Exercise instructions: Give a faithful, exact copy of all entries, minus the images.

Data for this exercise:
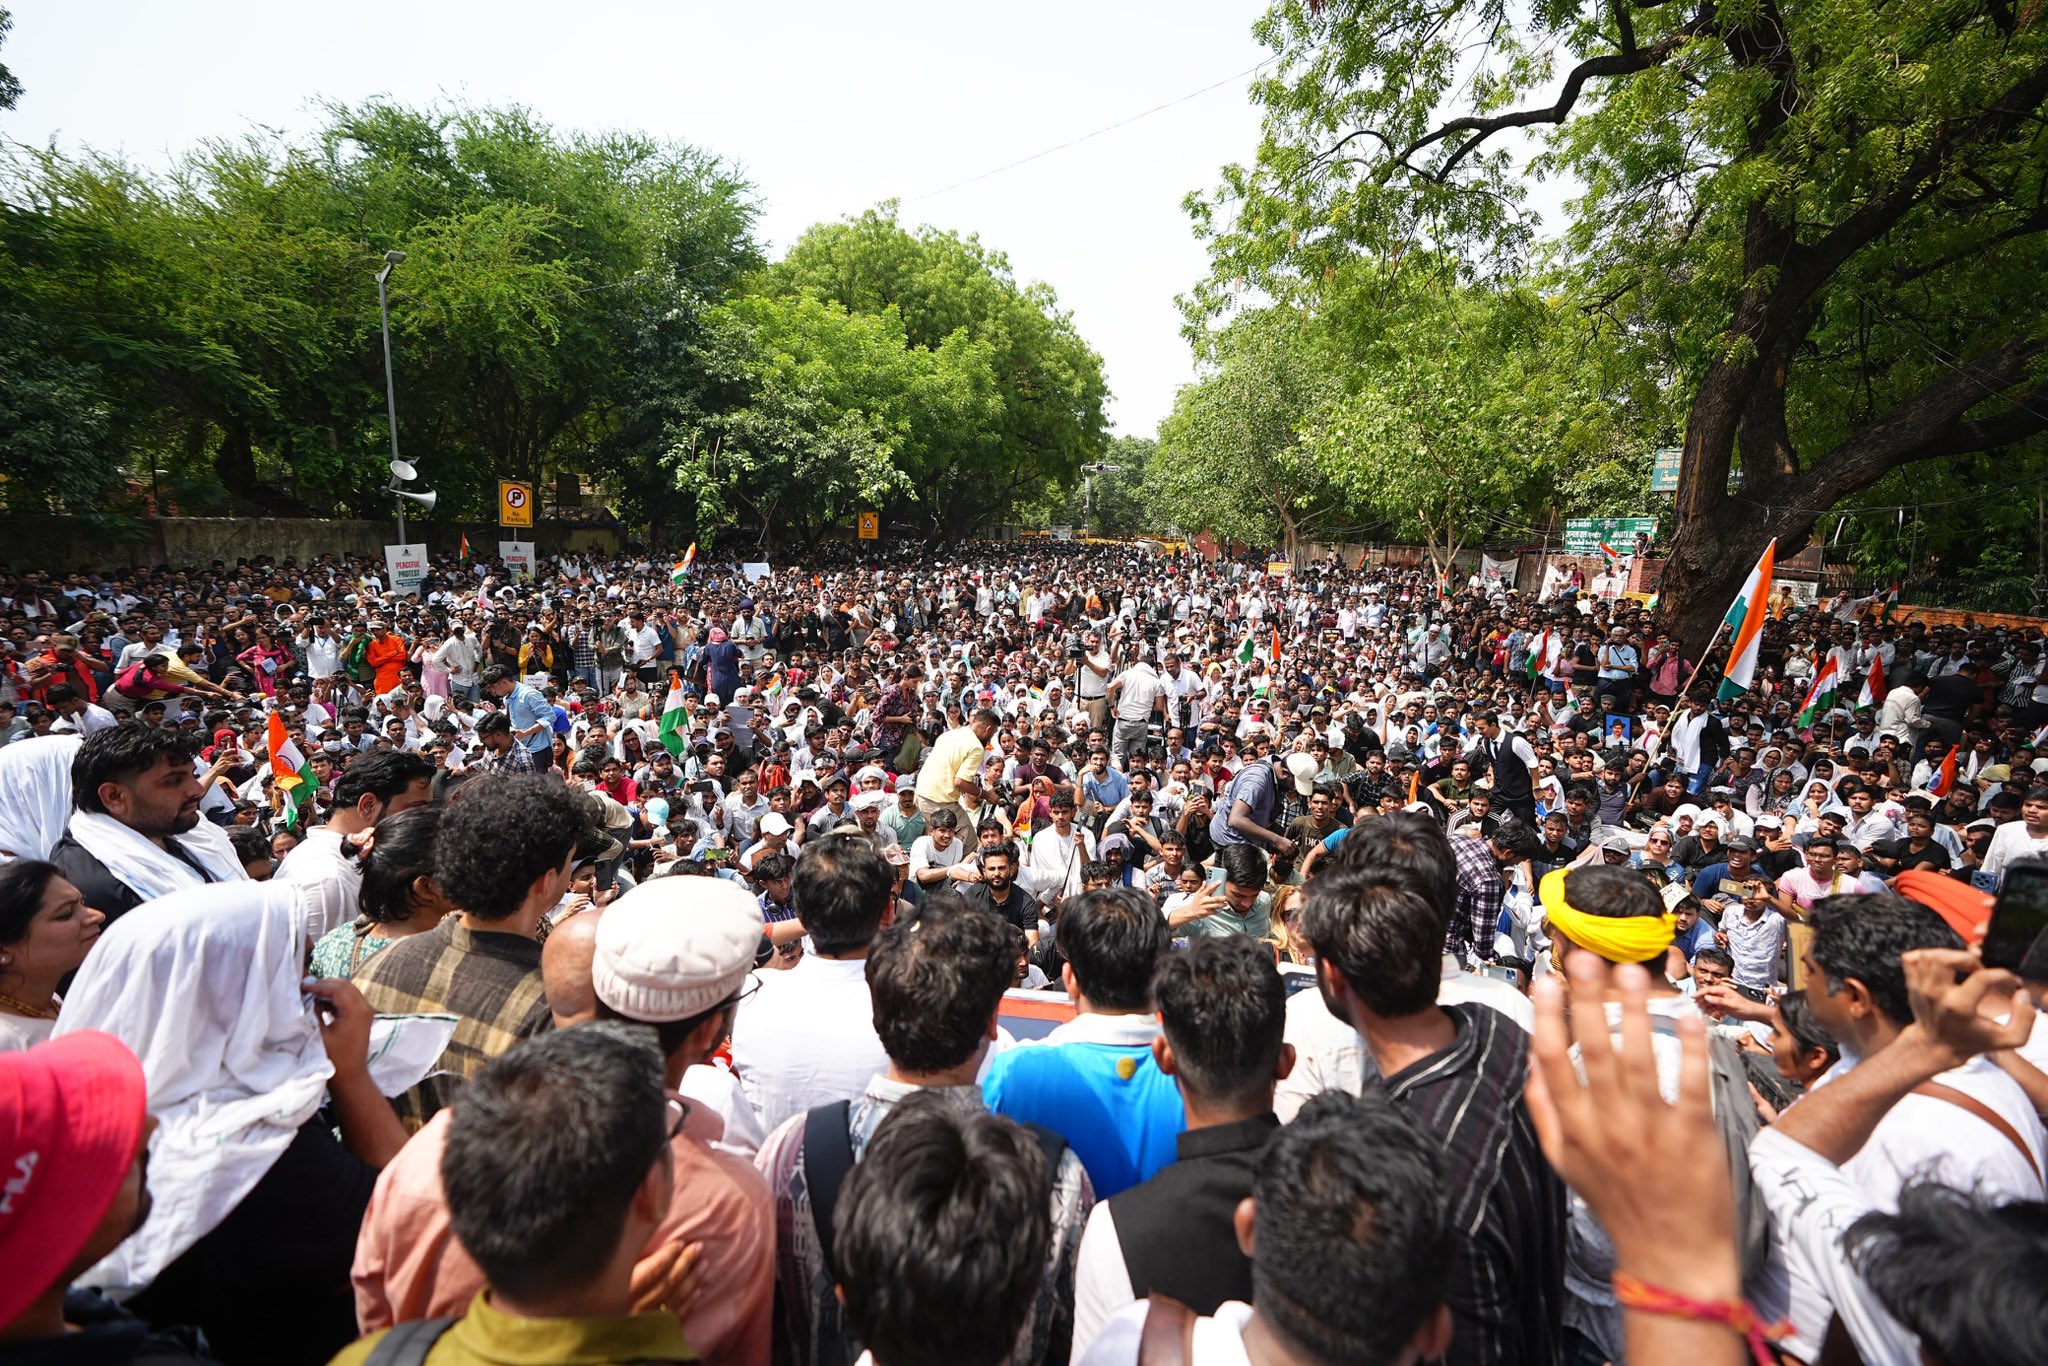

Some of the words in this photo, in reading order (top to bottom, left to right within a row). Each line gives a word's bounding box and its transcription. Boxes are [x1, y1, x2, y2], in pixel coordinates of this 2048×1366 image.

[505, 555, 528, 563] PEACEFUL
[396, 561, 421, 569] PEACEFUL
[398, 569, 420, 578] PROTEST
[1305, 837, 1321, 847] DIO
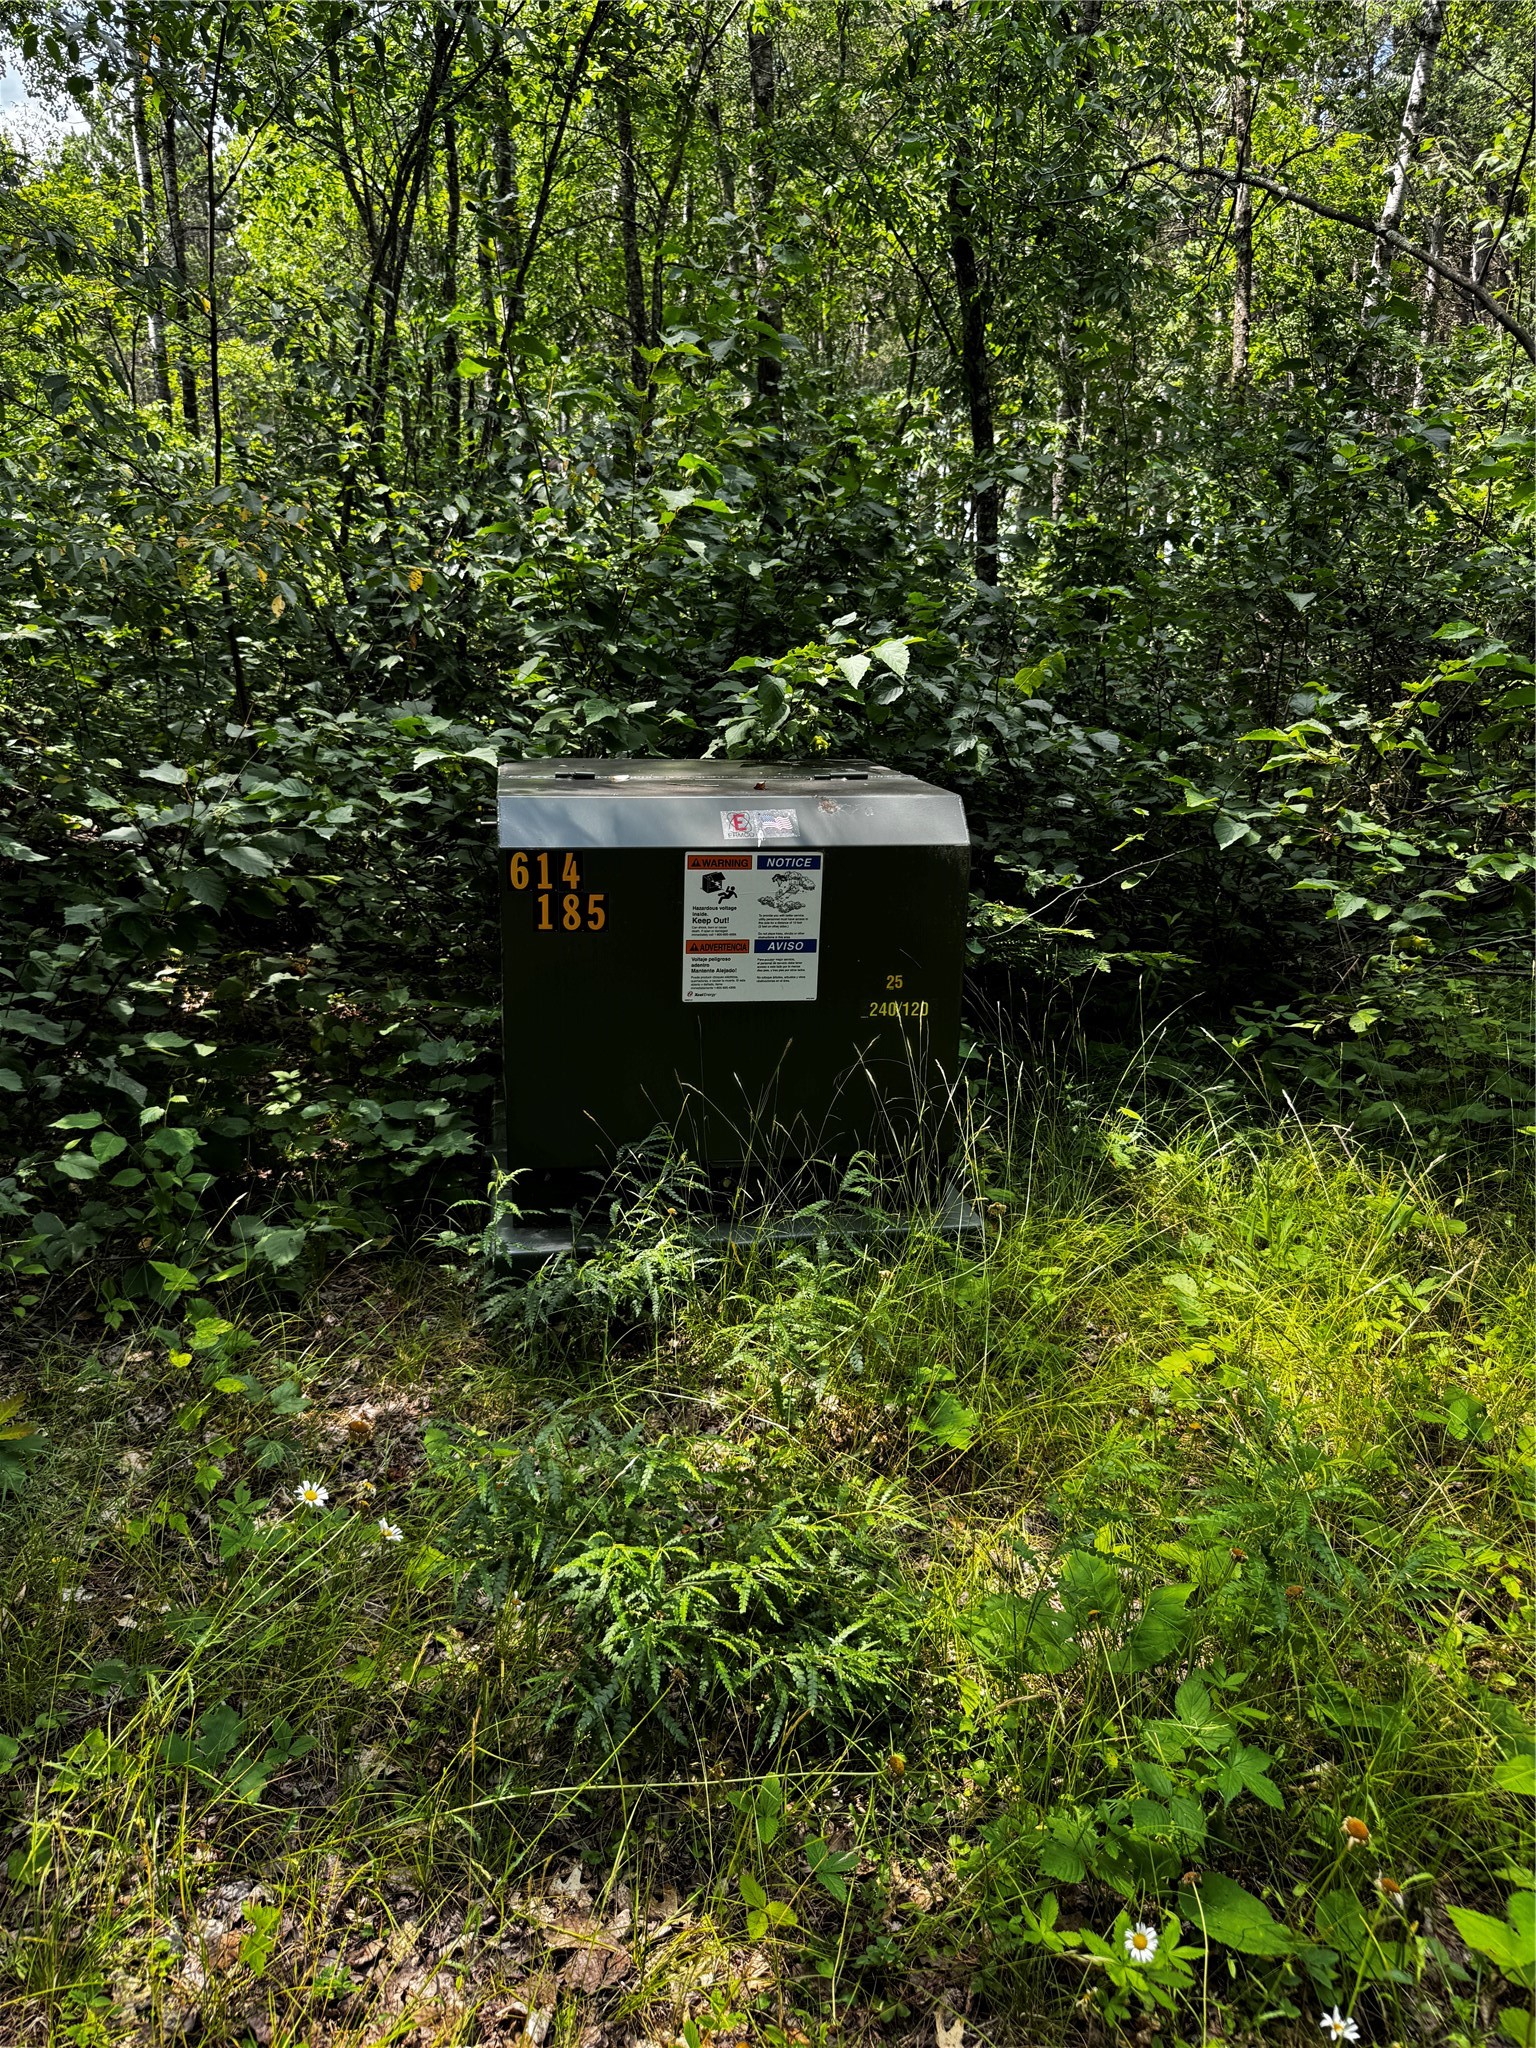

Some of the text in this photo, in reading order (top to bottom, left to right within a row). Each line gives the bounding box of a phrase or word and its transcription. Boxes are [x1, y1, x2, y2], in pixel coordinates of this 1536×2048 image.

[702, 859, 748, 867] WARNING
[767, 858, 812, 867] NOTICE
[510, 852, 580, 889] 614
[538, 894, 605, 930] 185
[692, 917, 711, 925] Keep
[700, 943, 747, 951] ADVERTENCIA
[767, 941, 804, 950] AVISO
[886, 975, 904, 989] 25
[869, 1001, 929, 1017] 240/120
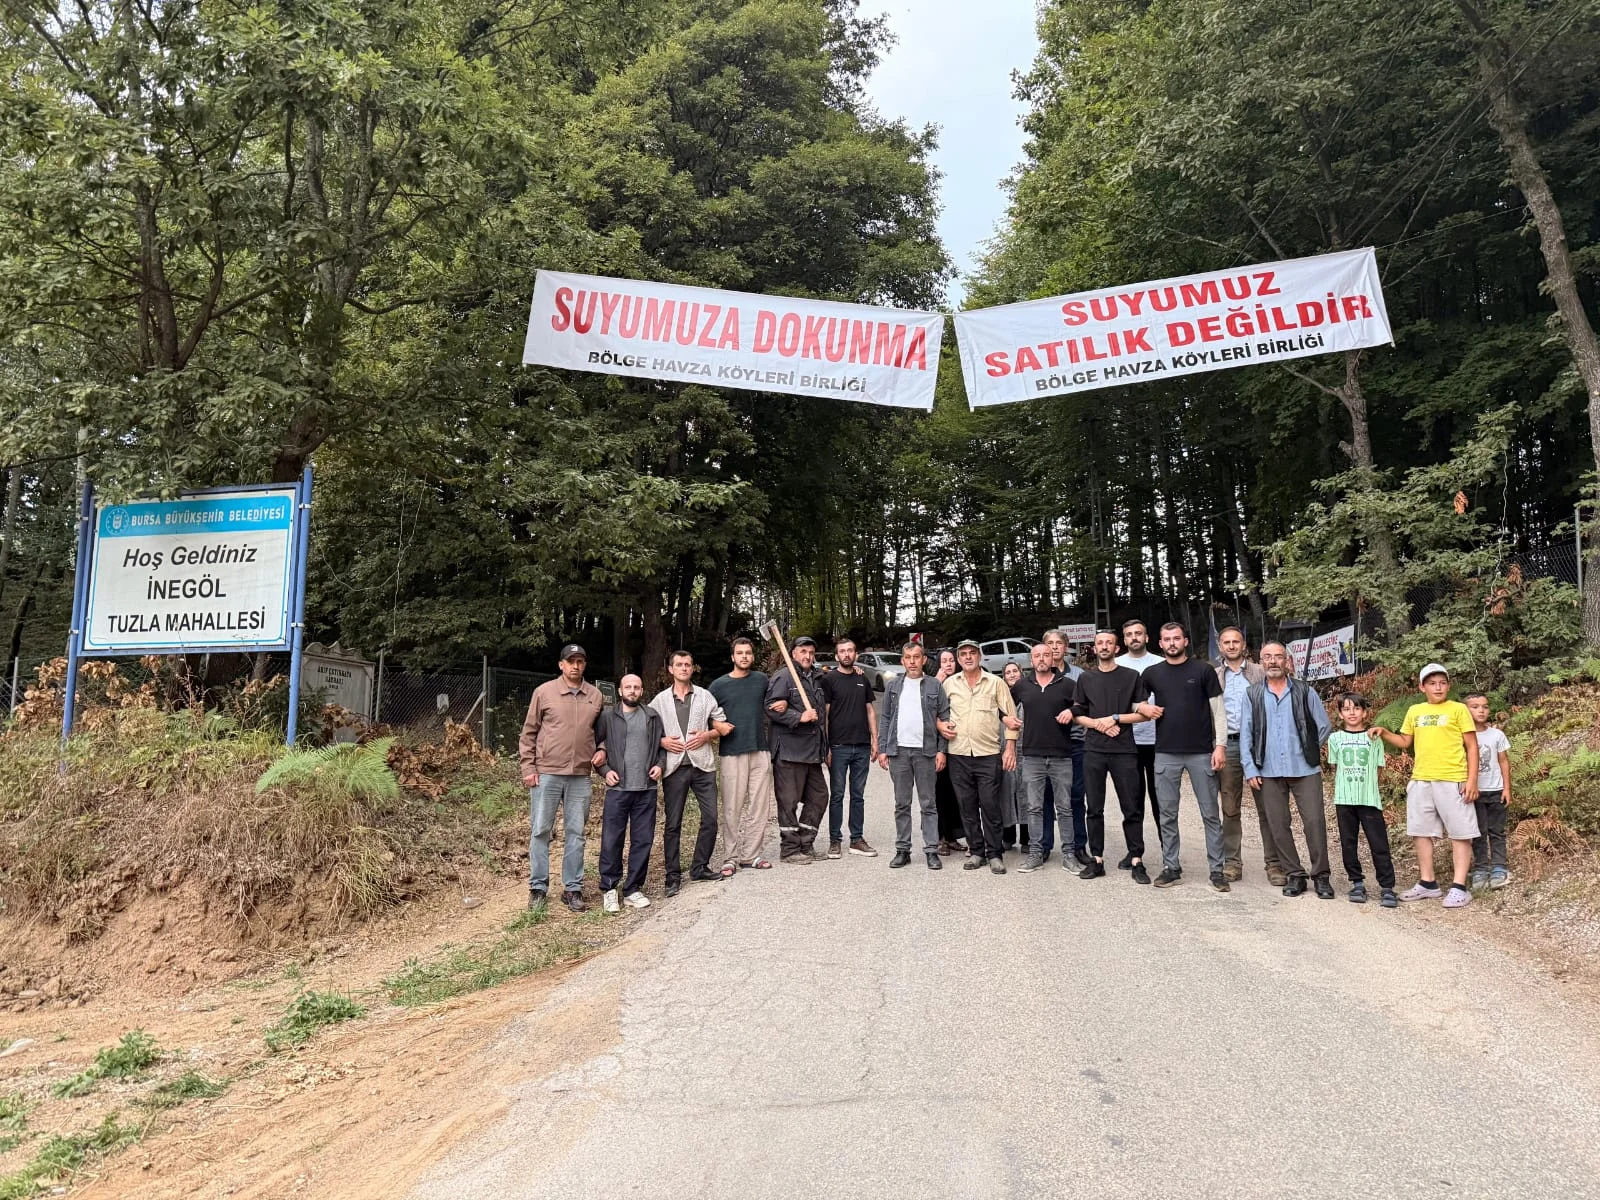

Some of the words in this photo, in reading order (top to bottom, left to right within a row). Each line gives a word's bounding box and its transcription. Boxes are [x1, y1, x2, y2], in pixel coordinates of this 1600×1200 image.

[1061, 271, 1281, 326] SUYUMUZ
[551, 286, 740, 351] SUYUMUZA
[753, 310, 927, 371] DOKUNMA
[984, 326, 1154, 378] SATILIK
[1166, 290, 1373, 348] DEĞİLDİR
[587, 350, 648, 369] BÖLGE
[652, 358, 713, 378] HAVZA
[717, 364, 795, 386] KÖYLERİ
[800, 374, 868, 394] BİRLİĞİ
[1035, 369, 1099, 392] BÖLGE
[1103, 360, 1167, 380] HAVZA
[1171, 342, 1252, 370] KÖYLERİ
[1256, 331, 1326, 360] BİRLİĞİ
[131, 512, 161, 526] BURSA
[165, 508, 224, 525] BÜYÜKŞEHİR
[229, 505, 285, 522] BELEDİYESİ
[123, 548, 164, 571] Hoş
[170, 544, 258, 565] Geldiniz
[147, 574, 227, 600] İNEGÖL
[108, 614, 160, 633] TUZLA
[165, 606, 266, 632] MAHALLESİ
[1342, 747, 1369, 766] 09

Output for this task:
Some of the words in this photo, in reading order (top to bottom, left to right within a row). Each line gives a word's bounding box and its transcription. Boxes are [x1, y1, x2, y2], in pixel coordinates of this 2048×1366 image.

[505, 555, 528, 563] PEACEFUL
[396, 561, 421, 569] PEACEFUL
[398, 569, 420, 578] PROTEST
[1305, 837, 1321, 847] DIO

Some of the text in this photo, in reading order (top to bottom, left to right within a row). Each line gives the bounding box of a phrase or word and its transcription. Boxes are [x1, y1, x2, y2], in pixel coordinates of this 1536×2048 image.

[702, 859, 748, 867] WARNING
[767, 858, 812, 867] NOTICE
[510, 852, 580, 889] 614
[538, 894, 605, 930] 185
[692, 917, 711, 925] Keep
[700, 943, 747, 951] ADVERTENCIA
[767, 941, 804, 950] AVISO
[886, 975, 904, 989] 25
[869, 1001, 929, 1017] 240/120

Some of the words in this photo, in reading order (top to bottom, left to right within a row). Each line gives a word's bounding box and its transcription. Boxes are [x1, y1, x2, y2], in pixel coordinates of this 1600×1200 image.

[1061, 271, 1281, 326] SUYUMUZ
[551, 286, 740, 351] SUYUMUZA
[753, 310, 927, 371] DOKUNMA
[984, 326, 1154, 378] SATILIK
[1166, 290, 1373, 348] DEĞİLDİR
[587, 350, 648, 369] BÖLGE
[652, 358, 713, 378] HAVZA
[717, 364, 795, 386] KÖYLERİ
[800, 374, 868, 394] BİRLİĞİ
[1035, 369, 1099, 392] BÖLGE
[1103, 360, 1167, 380] HAVZA
[1171, 342, 1252, 370] KÖYLERİ
[1256, 331, 1326, 360] BİRLİĞİ
[131, 512, 161, 526] BURSA
[165, 508, 224, 525] BÜYÜKŞEHİR
[229, 505, 285, 522] BELEDİYESİ
[123, 548, 164, 571] Hoş
[170, 544, 258, 565] Geldiniz
[147, 574, 227, 600] İNEGÖL
[108, 614, 160, 633] TUZLA
[165, 606, 266, 632] MAHALLESİ
[1342, 747, 1369, 766] 09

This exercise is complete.